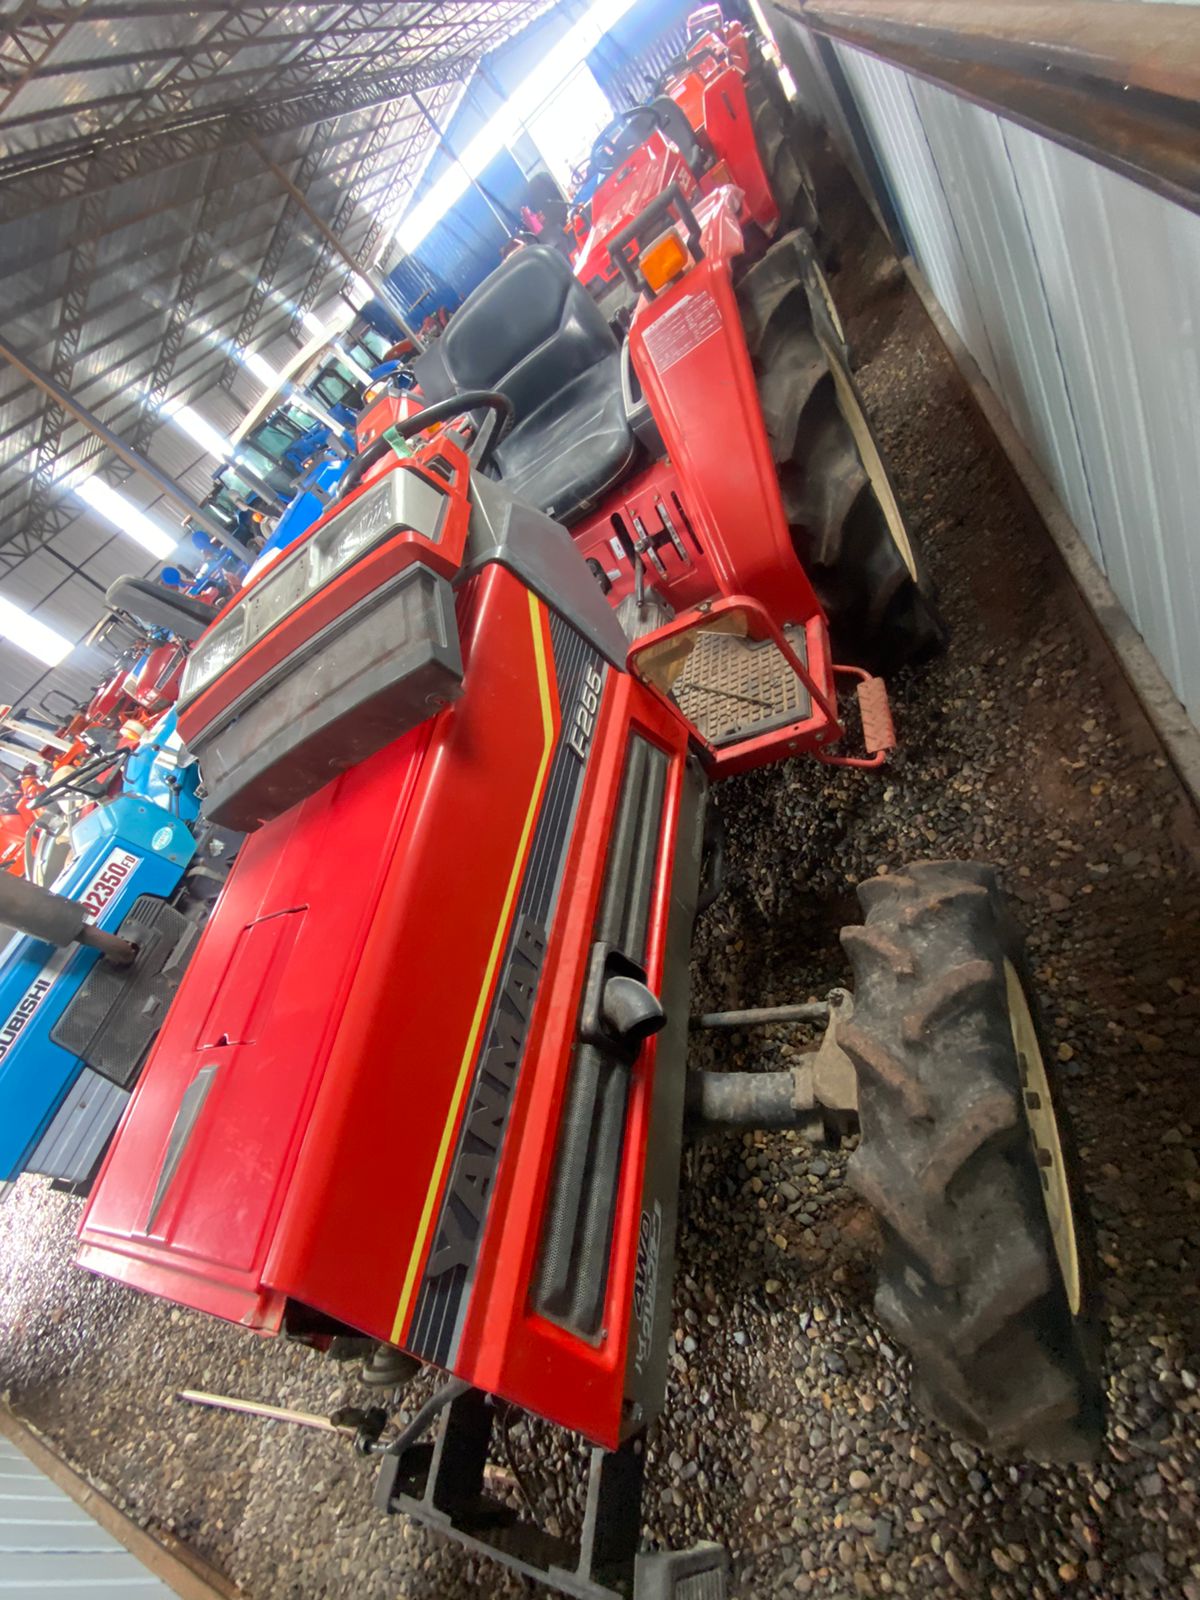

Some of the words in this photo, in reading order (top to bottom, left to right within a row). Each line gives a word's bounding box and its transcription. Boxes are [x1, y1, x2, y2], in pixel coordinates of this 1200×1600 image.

[570, 665, 602, 758] F255
[427, 912, 550, 1277] YANMAR
[635, 1210, 650, 1320] 4WD
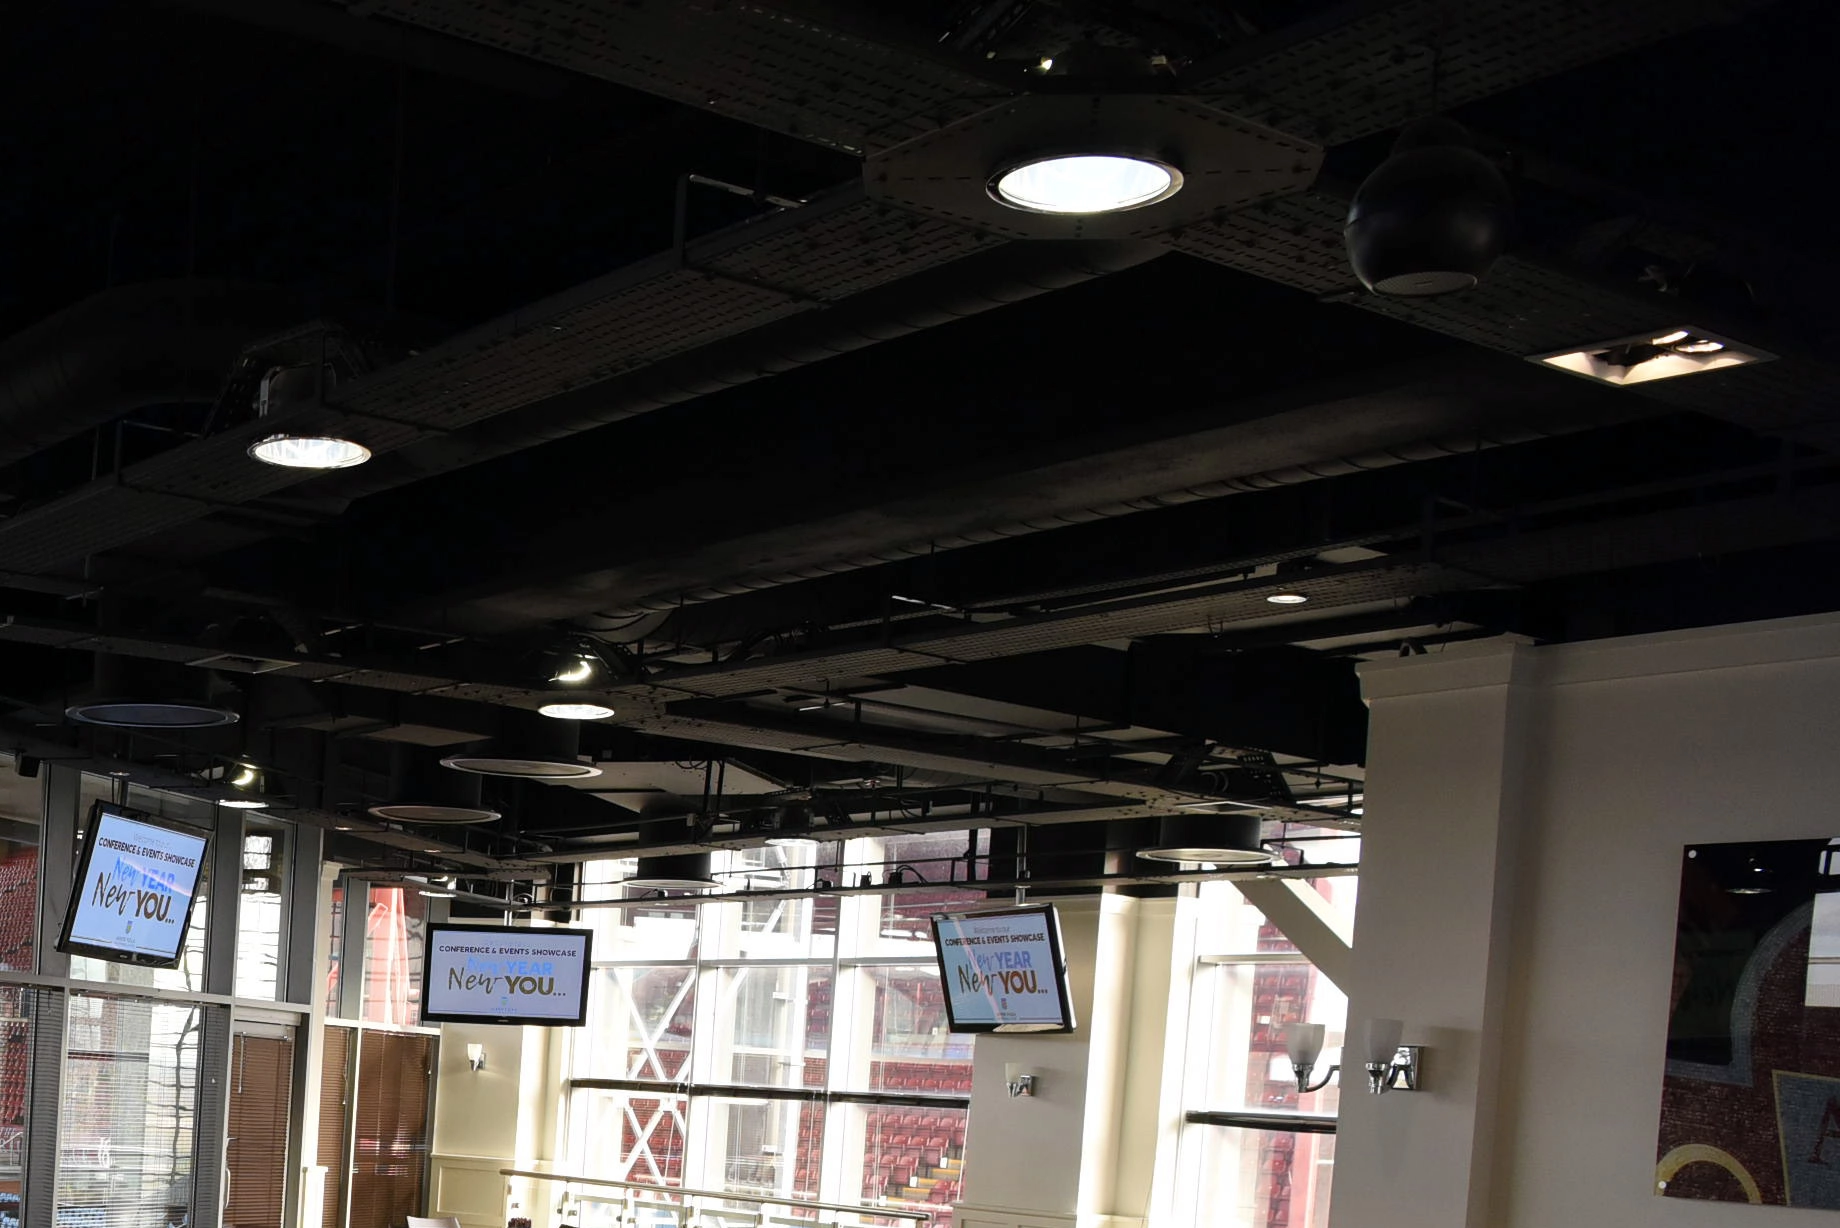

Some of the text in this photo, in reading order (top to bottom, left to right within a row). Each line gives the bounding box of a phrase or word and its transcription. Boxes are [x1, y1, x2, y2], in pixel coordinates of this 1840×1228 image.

The task
Transcribe the material exactly, leaving every picture out.

Answer to the exercise
Some of the words in this photo, in reading order (top to bottom, left to right within a row). Each line gives a word's bounding box and its transcription. Boxes are [x1, y1, x2, y2], in pixel coordinates of this 1200×1600 image.

[570, 665, 602, 758] F255
[427, 912, 550, 1277] YANMAR
[635, 1210, 650, 1320] 4WD

Some of the text in this photo, in reading order (top to bottom, left to right within a row). Each line gives the bounding box of a phrase or word and its transcription. Boxes are [x1, y1, x2, y2], in pixel coordinates of this 1840×1228 image.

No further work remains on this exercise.